Closed Bug 1535194 Opened 5 years ago Closed 5 years ago

Silent overflow in diffB during far jump setup leads to branch-to-wild-location

Categories

(Core :: JavaScript: WebAssembly, defect, P2)

ARM
All
defect

Tracking

()

RESOLVED FIXED
mozilla68
Tracking Status
firefox-esr60 67+ fixed
firefox65 --- wontfix
firefox66 --- wontfix
firefox67 + fixed
firefox68 + fixed

People

(Reporter: gkw, Assigned: lth)

References

(Blocks 1 open bug)

Details

(5 keywords, Whiteboard: [jsbugmon:][adv-main67+][adv-esr60.7+])

Attachments

(2 files, 1 obsolete file)

Attached file 504.zip (obsolete) —

The following testcase crashes on mozilla-central revision 85d3d2603b8f (build with --enable-debug --enable-more-deterministic --enable-simulator=arm and other 32-bit build parameters, run with --fuzzing-safe --no-threads --no-baseline --no-ion --wasm-compiler=baseline):

See attachment.

Backtrace:

#0 js::jit::Simulator::instructionDecode (this=0xf6b3d000, instr=0x3140183c) at js/src/jit/arm/Simulator-arm.cpp:4670
#1 0x57f12c6c in js::jit::Simulator::execute<false> (this=<optimized out>) at js/src/jit/arm/Simulator-arm.cpp:4750
#2 js::jit::Simulator::callInternal (this=0xf6b3d000, entry=0x346afe28) at js/src/jit/arm/Simulator-arm.cpp:4828
#3 0x57f131ff in js::jit::Simulator::call (this=0xf6b3d000, entry=0x346afe28, argument_count=2) at js/src/jit/arm/Simulator-arm.cpp:4915
#4 0x5829b58d in js::wasm::Instance::callExport (this=0xf6b73b00, cx=0xf6b1c800, funcIndex=46326, args=...) at js/src/wasm/WasmInstance.cpp:1579
#5 0x582b2635 in WasmCall (cx=<optimized out>, argc=0, vp=0xf6587068) at js/src/wasm/WasmJS.cpp:1433
/snip

For detailed crash information, see attachment.

Setting s-s as a start as I am not sure if this is simulator-specific.

autobisectjs shows this is probably related to the following changeset:

The first bad revision is:
changeset: https://hg.mozilla.org/mozilla-central/rev/c474d2c881f5
user: Lars T Hansen
date: Thu Jan 31 08:50:38 2019 +0100
summary: Bug 1524178 - Enable lock-free 8-byte atomics for ARM+ARM64 simulators. r=jseward

Lars, is bug 1524178 a likely regressor?

Blocks: 1524178
Flags: needinfo?(lhansen)
Assignee: nobody → lhansen
Status: NEW → ASSIGNED
Flags: needinfo?(lhansen)

I can repro the crash.

Please be more specific re command line arguments when specifying the STR. The actual command line is this: "--fuzzing-safe --no-threads --no-baseline --no-ion --wasm-compiler=baseline w504-out.wrapper w504-out.wasm", specifically the wasm file must be present as a command line argument.

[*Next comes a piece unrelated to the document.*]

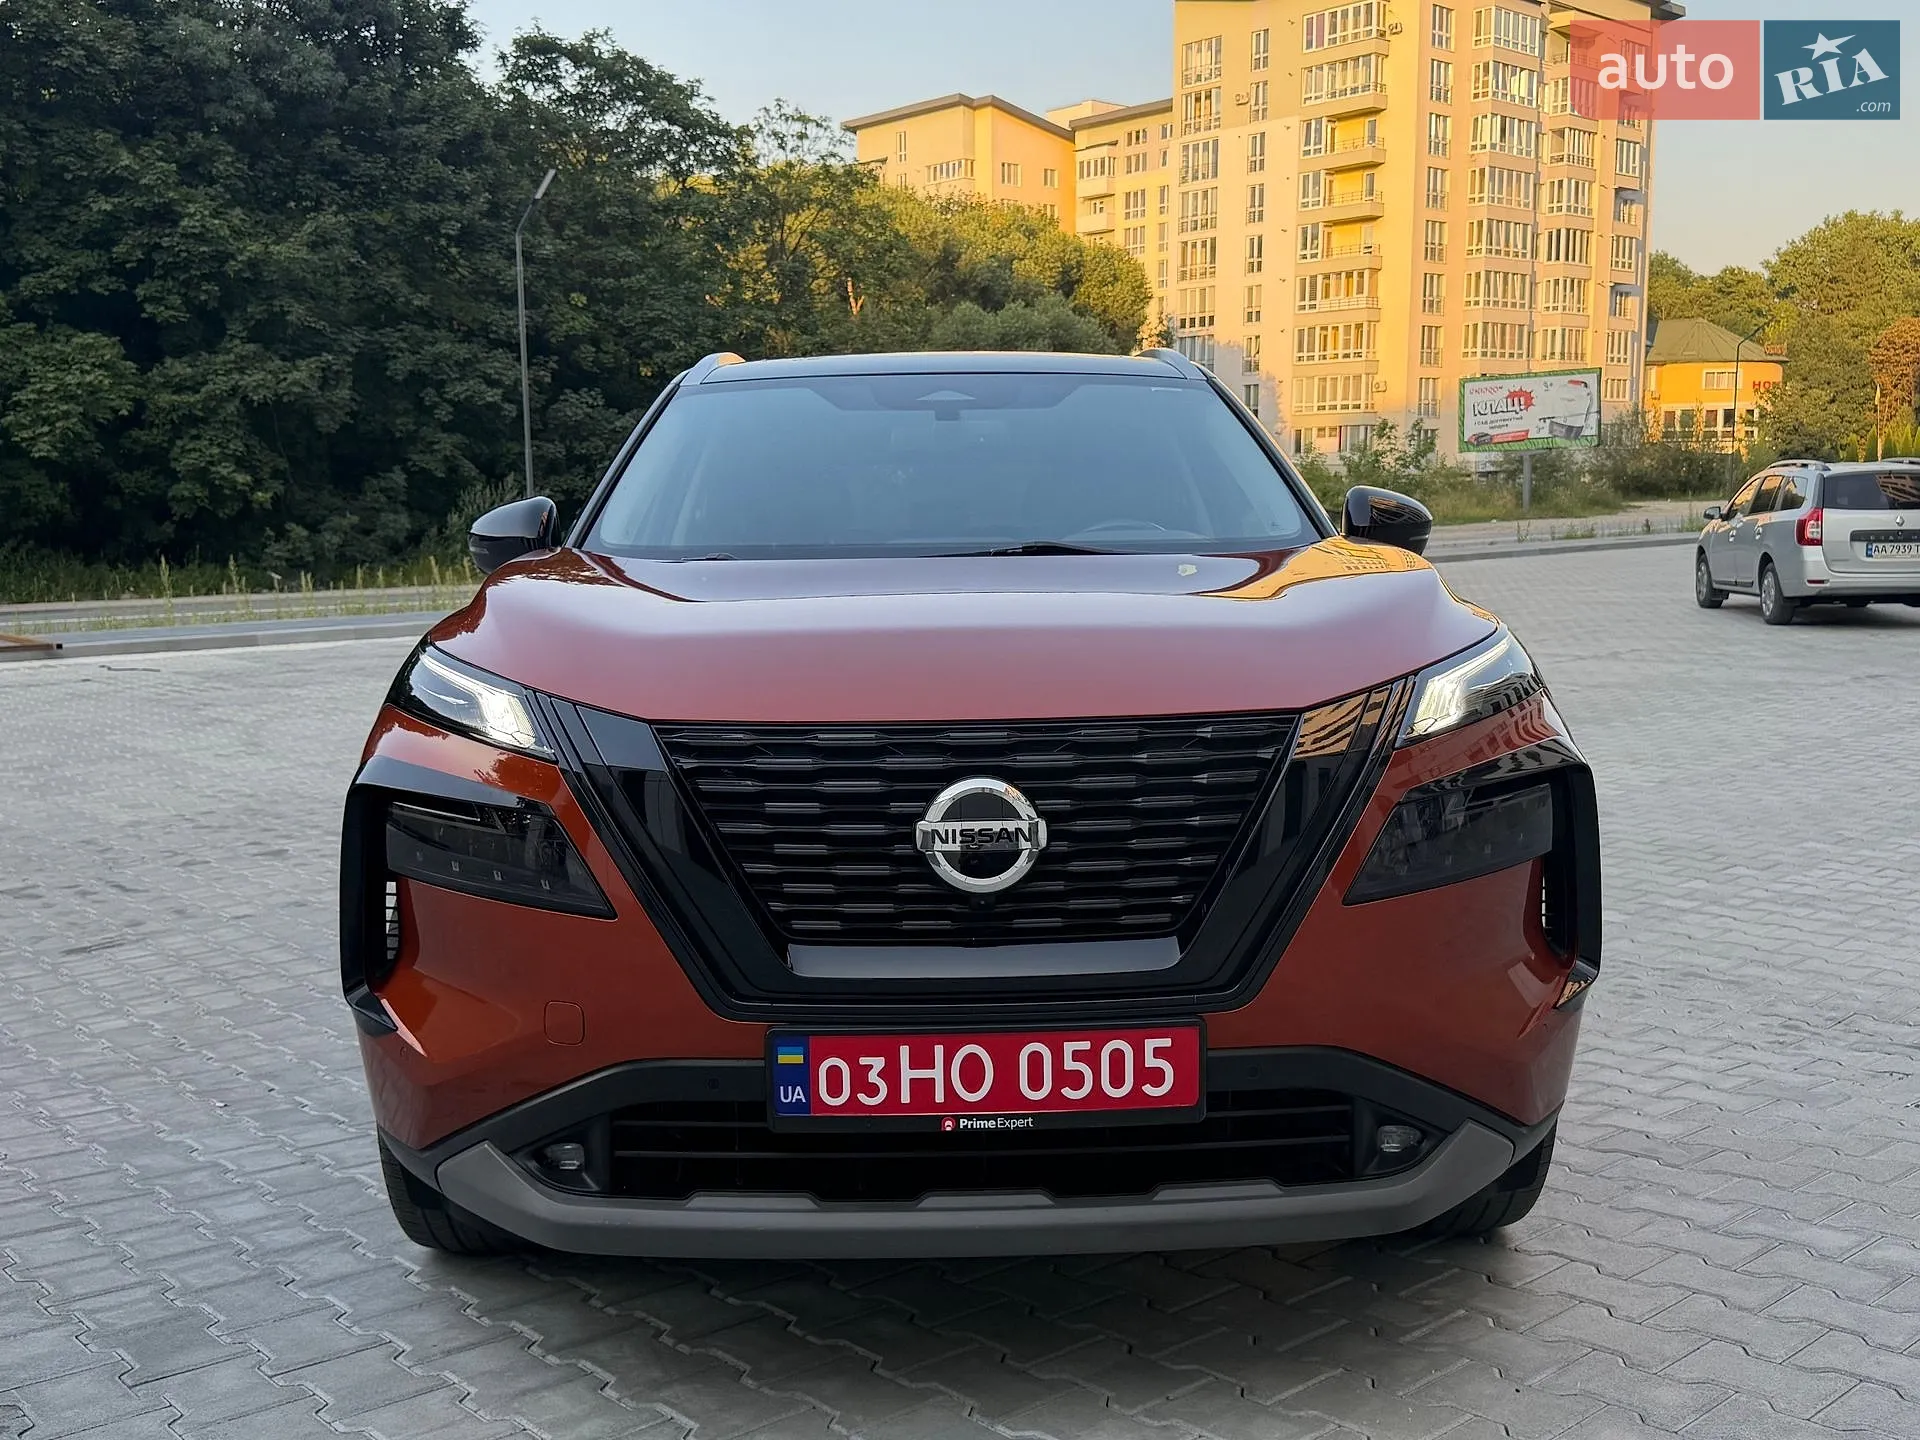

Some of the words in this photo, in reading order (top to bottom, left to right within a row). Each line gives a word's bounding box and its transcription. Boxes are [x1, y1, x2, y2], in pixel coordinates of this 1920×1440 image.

[931, 827, 1032, 845] NISSAN
[1018, 1037, 1175, 1101] 0505
[779, 1085, 806, 1104] UA

Looks like an unpatched call:

  ...
  0x4b2b6830  e59d9048       ldr r9, [sp, #+72]
  0x4b2b6834  eb800000       bl -33554424 -> 0x492b683c

Note the bogus relative address in the bl. The target is not in memory and we crash when trying to fetch at the target address.

Definitely baseline code, both because Ion has been disabled and because there's a baseline prologue a hundred instructions earlier.

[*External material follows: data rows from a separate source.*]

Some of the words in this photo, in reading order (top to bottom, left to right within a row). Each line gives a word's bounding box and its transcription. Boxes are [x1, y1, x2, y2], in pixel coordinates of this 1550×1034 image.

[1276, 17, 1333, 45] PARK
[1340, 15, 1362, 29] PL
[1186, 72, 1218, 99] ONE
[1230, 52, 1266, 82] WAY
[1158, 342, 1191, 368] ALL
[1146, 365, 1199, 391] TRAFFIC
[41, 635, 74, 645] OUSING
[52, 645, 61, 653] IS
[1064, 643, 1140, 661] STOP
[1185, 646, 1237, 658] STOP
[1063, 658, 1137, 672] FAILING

I think what's going on here is a bug in the way we handle far calls.

We're in ModuleGenerator.cpp in linkCallSites(). We are looking at a CallSiteDesc::Func where the callee (target) has already been compiled, and is more than 20MB away from the caller, and the callee is not yet in the map of callFarJumps.

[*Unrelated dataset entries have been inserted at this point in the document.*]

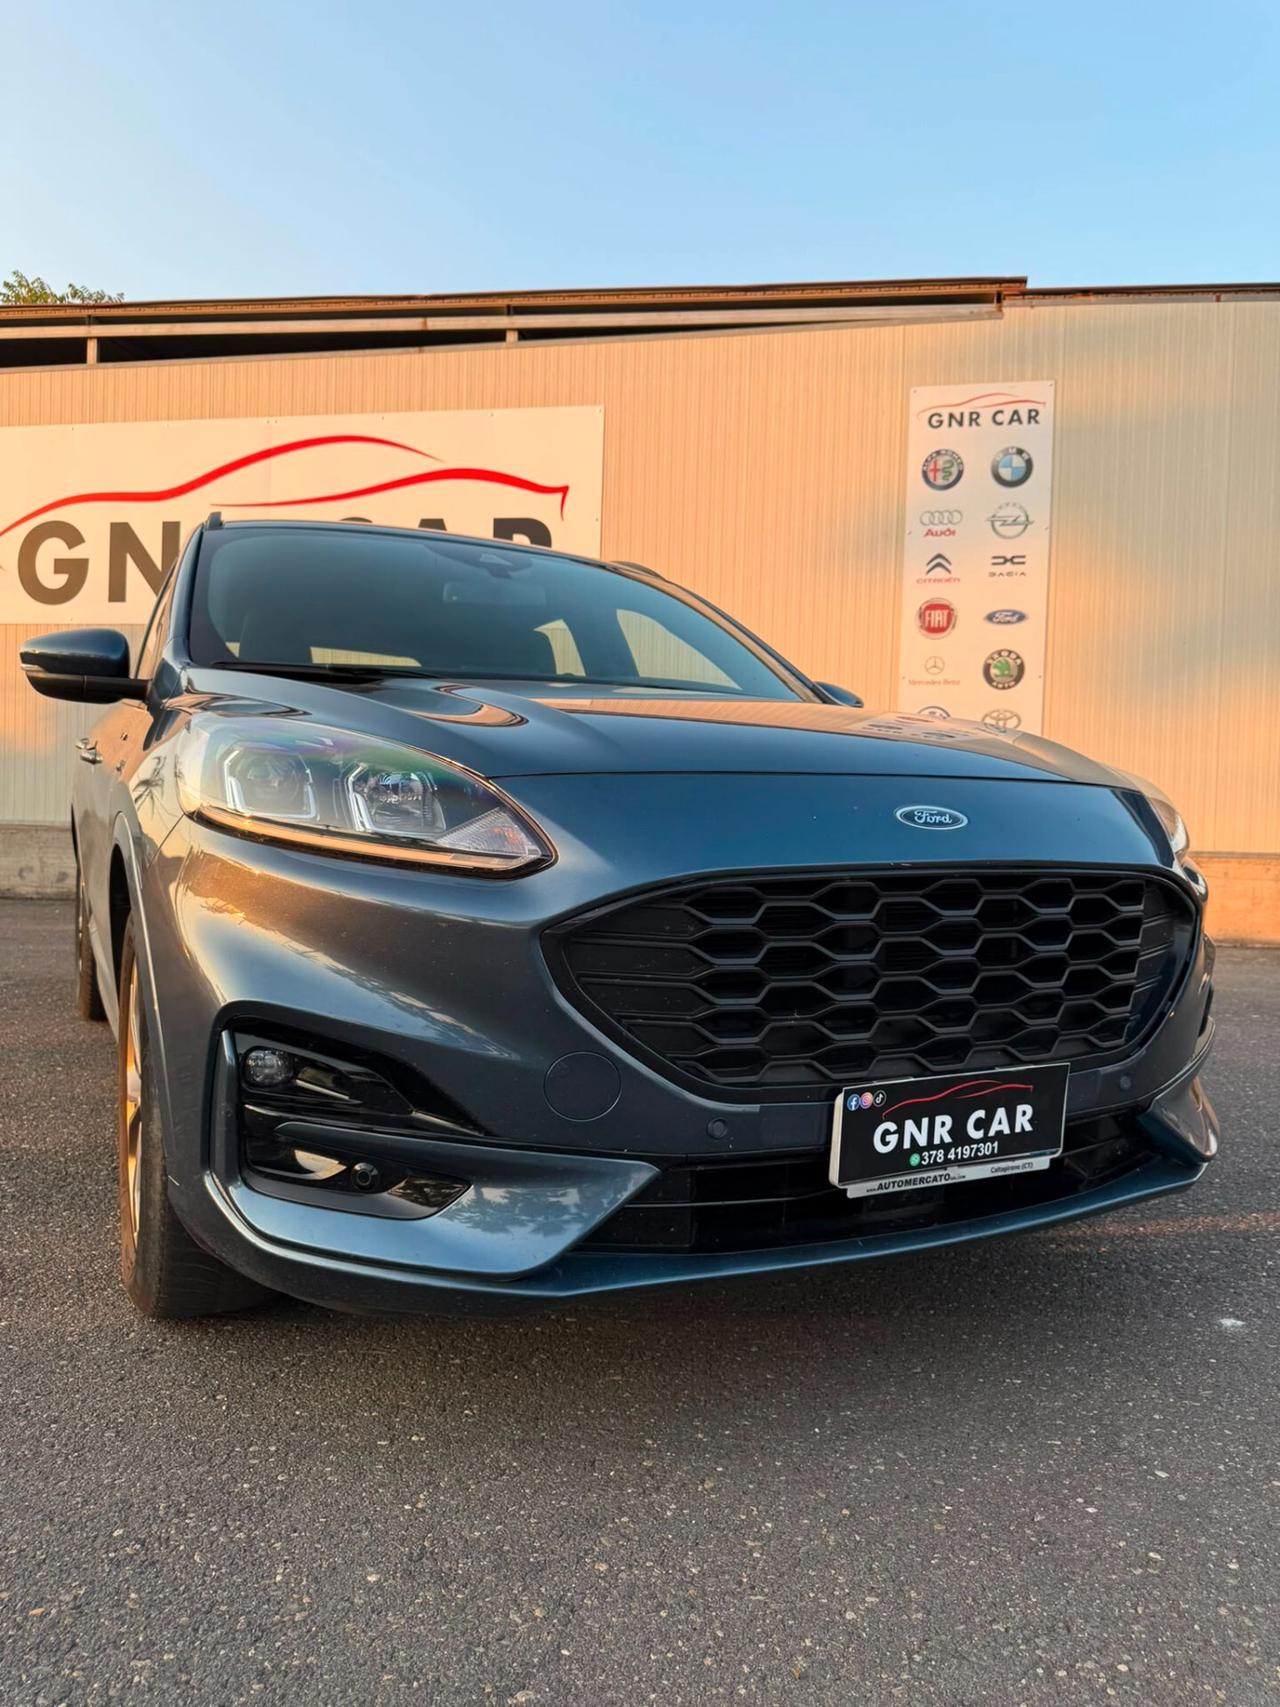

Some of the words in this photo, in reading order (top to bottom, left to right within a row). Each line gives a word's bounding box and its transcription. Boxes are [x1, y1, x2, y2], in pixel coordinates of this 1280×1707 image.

[928, 411, 981, 429] GNR
[991, 409, 1040, 426] CAR
[924, 528, 956, 538] Audi
[18, 520, 181, 605] GN
[925, 609, 949, 628] FIAT
[992, 611, 1021, 623] Ford
[914, 810, 953, 823] Ford
[873, 1115, 953, 1153] GNR
[966, 1104, 1034, 1140] CAR
[921, 1149, 944, 1165] 378
[948, 1141, 999, 1161] 4197301

So we create a far jump island with farJumpWithPatch() and this code is correct, and then finally we patch the address of this island into the original call.

The problem is that there is so much code in this module that the island is more than 32MB away from the caller that is going to be patched, so in MacroAssembler::patchCall() in MacroAssembler-arm.cpp we overflow the difference and end up with a zero value for our bl instruction.

The difference computation is in diffB() in IonAssemblerBuffer.h, and it strikes me as a footgun that it just returns nothing if the computation overflows, but I don't know if there are other uses that require this.

(This was not regressed by bug 1524178, I think; at most that patch would have moved code around somewhat so that this problem is surfaced.)

Now it's possible that this situation shouldn't happen because we should be sure to insert the far jump islands earlier, but we only do the necessary checking per-task (in ModuleGenerator::finishTask() in WasmGenerator.cpp), and with --no-threads there is only one task so we only do it at the end of compilation, which is too late. And even doing it per-task in a concurrent setting, frankly, it's possible that certain kinds of code (exceptionally large functions, say, or just large functions on architectures with more limited branch distances) will run into this bug. Need to investigate that further.

Of course threads are always enabled in release settings and the bug is probably ARM-only (among Tier 1 platforms anyway), so it doesn't strike me as a high severity problem, but we should fix it.

OS: Linux → All
Priority: -- → P2
Summary: Crash [@ js::jit::Simulator::instructionDecode] → Silent overflow in diffB during far jump setup leads to branch-to-wild-location

Still running some tests, but so far there seems to be no ill effects of replacing "return BOffImm()" with "MOZ_CRASH()", and that would at least close the security hole.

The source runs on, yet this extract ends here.